O curso funcionou bem, como a maioria dos
conceitos eu conhecia, tirar notão foi fácil. E aumentavam mais ainda
pois eu viajava nos livros e teorias da área. Até que…
O início do
ponto de virada. A aula de filosofia. Eu queria aprender e aprender
cada vez mais. O professor perguntou para que era o conhecimento. Vieram
as mais variadas respostas, para ser bom em algo, conhecer muito,
status… todos errados. O professor explicou que o conhecimento servia
para ajudar as pessoas. Se eu conhecer muito, mas não souber tratar os
outros, não seria nada na vida. E ele falou. Vá a festas, casa uns dos
outros, saiam com os amigos. Aí passei a fazer isso para me tornar
alguém aprazível. Minhas notas abaixaram vertiginosamente, mas ganhei em
contato humano. Foi a melhor troca que fiz. Aí comecei a me relacionar
mais sério com mulheres. As anteriores sempre pulavam fora quando
propunha algo mais sério.
Segunda parte do ponto de virada: na
metade do curso, comecei a tropeçar a toa, me cansar fácil e minha voz
“phicô apfim”. E comecei a babar. Depois de muito pesquisarmos, descobri
que eu era portador de esclerose múltipla, e me internaram 3 meses.
Primeira vez na vida que fui reprovado em alguma matéria, duas mais
exatamente. Depois de um tratamento intensivo, me recuperei somente
mancando um pouco da perna esquerda. Com ajuda da PUC, completei a
faculdade. Só que mal sabia o tamanho do buraco que acabava de entrar.
Comecei
a piorar rapidamente, de 3 em 3 meses, perdia um pedacinho do meu
corpo, era quase sempre no lado esquerdo, principalmente na perna.

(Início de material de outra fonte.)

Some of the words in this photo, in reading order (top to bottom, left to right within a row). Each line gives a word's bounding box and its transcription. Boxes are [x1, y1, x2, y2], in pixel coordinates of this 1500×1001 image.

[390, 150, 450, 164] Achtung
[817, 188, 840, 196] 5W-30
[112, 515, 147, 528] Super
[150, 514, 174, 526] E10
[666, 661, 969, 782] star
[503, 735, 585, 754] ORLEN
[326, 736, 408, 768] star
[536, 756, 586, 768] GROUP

Chegou um ponto em que andar 1 quarteirão era muito. Me esgotava com
metade disso. Era um problema grande, só uma cadeira de rodas,
motorizada funcionou. Parei de trabalhar, para ficar 7 anos me
recuperando, preso em meu próprio corpo.
Comecei a me recuperar,
mas muito vagarosamente, sem esperança de retomar minha vida. Até o
momento que soube de um tratamento experimental à base de vitamina D que
estava recuperando doentes de esclerose múltipla pelo Brasil. Demorou
mais ou menos 1 ano até o momento em que falei comigo mesmo. Eu estou
morrendo aos poucos. Falam que esse tratamento se feito errado, pode me
matar de uma vez. Beleza, morte por morte, vou na que tem uma chance de
melhora. E procurei o dr André de Vespasiano, com quem comecei o
tratamento. Ele só alertou: a vitamina D controla o sistema imune
(esclerose múltipla, é um desequilíbrio do sistema imune causado por
falta de vitamina D, em que ele enlouquecido começa a atacar o próprio
corpo, e no caso dessa doença, a capinha protetora das fibras nervosas),
mas ainda a função principal dela continua sendo o cálcio dos ossos.

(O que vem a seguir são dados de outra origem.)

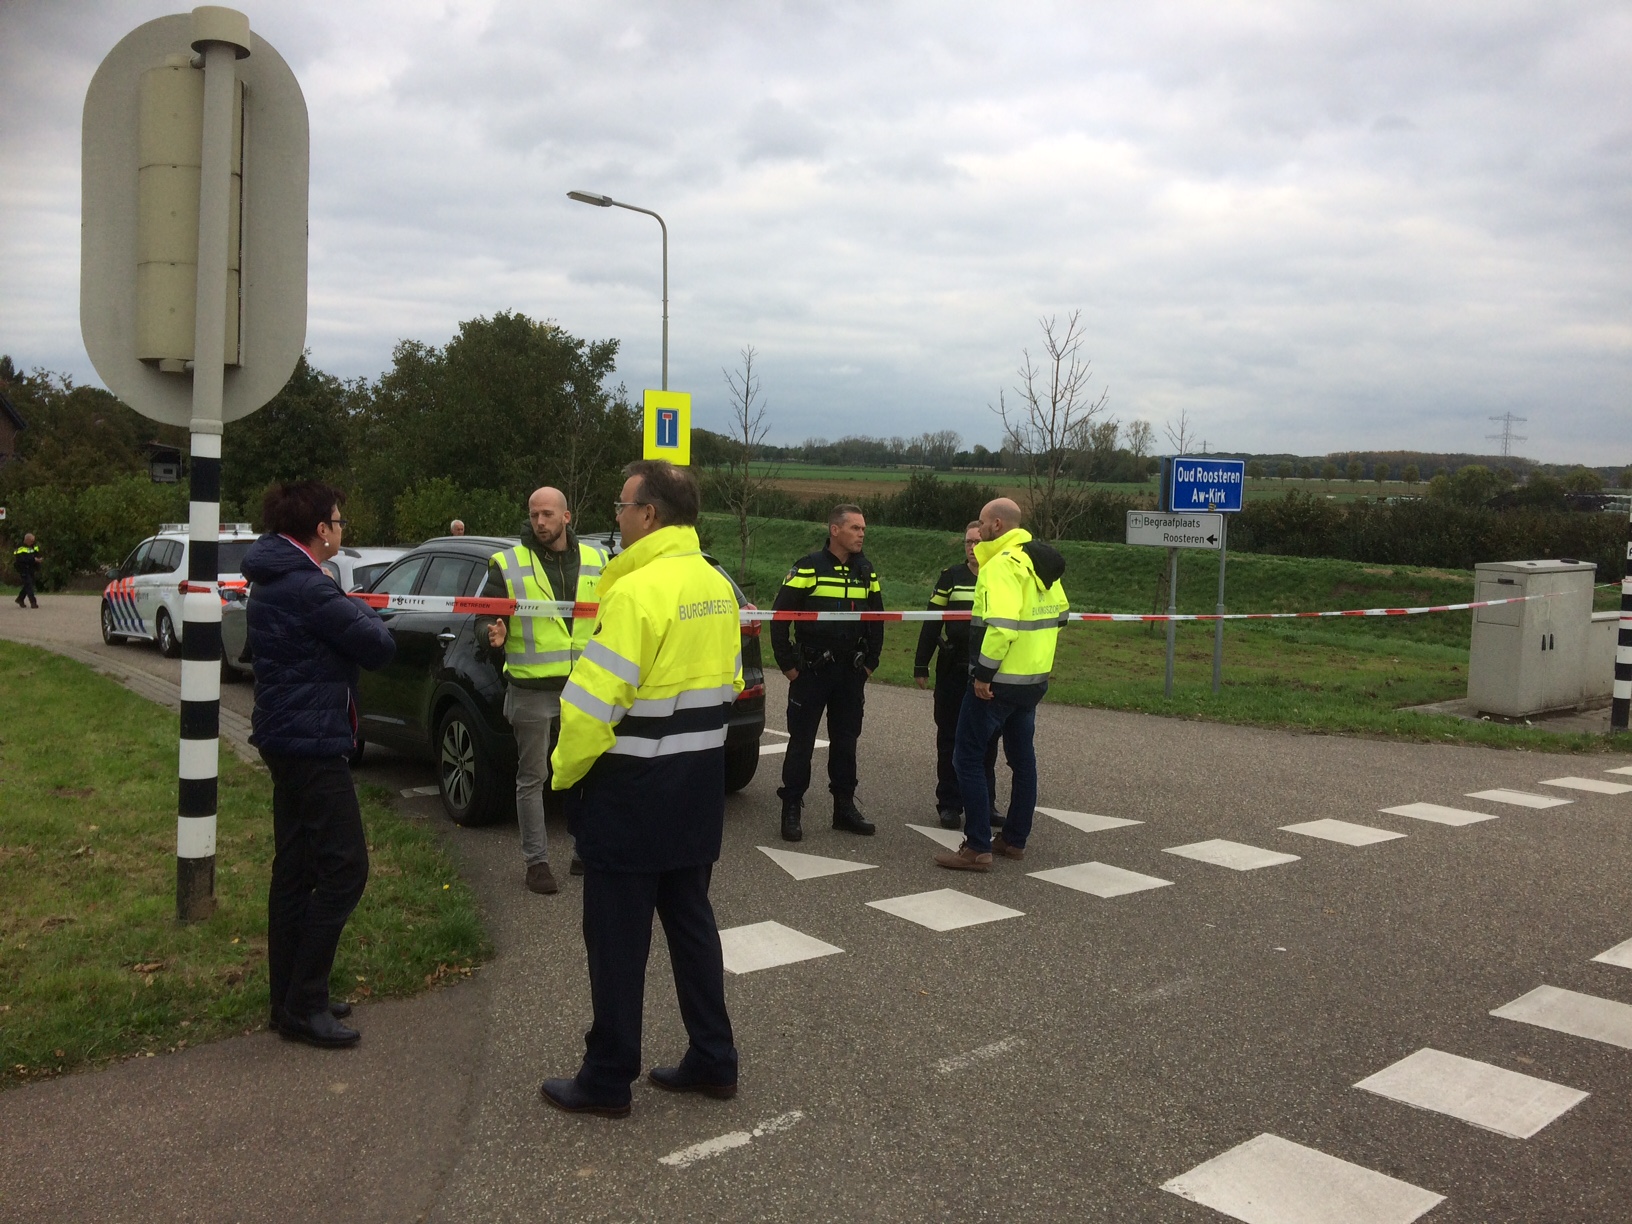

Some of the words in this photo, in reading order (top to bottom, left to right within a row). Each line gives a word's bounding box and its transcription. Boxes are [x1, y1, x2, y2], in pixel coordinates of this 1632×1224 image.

[1177, 466, 1195, 482] Oud
[1197, 467, 1240, 484] Roosteren
[1191, 488, 1226, 503] Aw-Kirk
[1144, 517, 1200, 529] Begraafplaats
[1163, 533, 1204, 544] Roosteren
[679, 599, 733, 621] BURGEMEESTE

Farei uma reposição dela em altas doses, o que ia me causar uma super
absorção de cálcio. Deverei tomar 2,5 litros de água por dia, e evitar
leite, laticínios e açaí. Ou ia petrificar meus rins ou qualquer parte
do corpo, mas principalmente os rins. Bom, diabéticos vivem muito bem
sem açúcar, posso viver bem sem essas coisas. E entrei de cabeça. Em 6
meses, a fadiga monstro sumiu. Deixei a cadeira de rodas. Em 1 ano, a
voz retornou a entonação normal (ainda um pouco mole, por causa da
língua que estava semi paralisada ainda), recuperei quase tudo. Só me
restou a perna esquerda sem força, o que me obriga a usar uma bengala
(deve ter tido alguma atrofia com essa história), mas já está ótimo.
Hoje,
estou trabalhando, fiz uma pós graduação, me casei, e estamos esperando
uma filhinha. Pra quem esteve desacreditado e ameaçado a perder tudo,
está de bom tamanho.
E esse é o resumo bem resumido de minha vida
até aqui. Isso serve para exemplo, tudo o que conquistei foi porque
estudei como louco desde criança. Se consegui uma colocação média no
mercado de trabalho (que foi a base de tudo), foi porque apesar de tudo,
concluí a faculdade, o que me possibilitou achar um caminho para
superar uma doença que ia me deixar de joelhos por toda a vida, e
retomar meus projetos. Raros casos a pessoa não precisa estudar tanto,
mas, o que realmente garante a compreensão da realidade como um todo e
nosso lugar entre as pessoas, é o estudo. E isso vale para todos.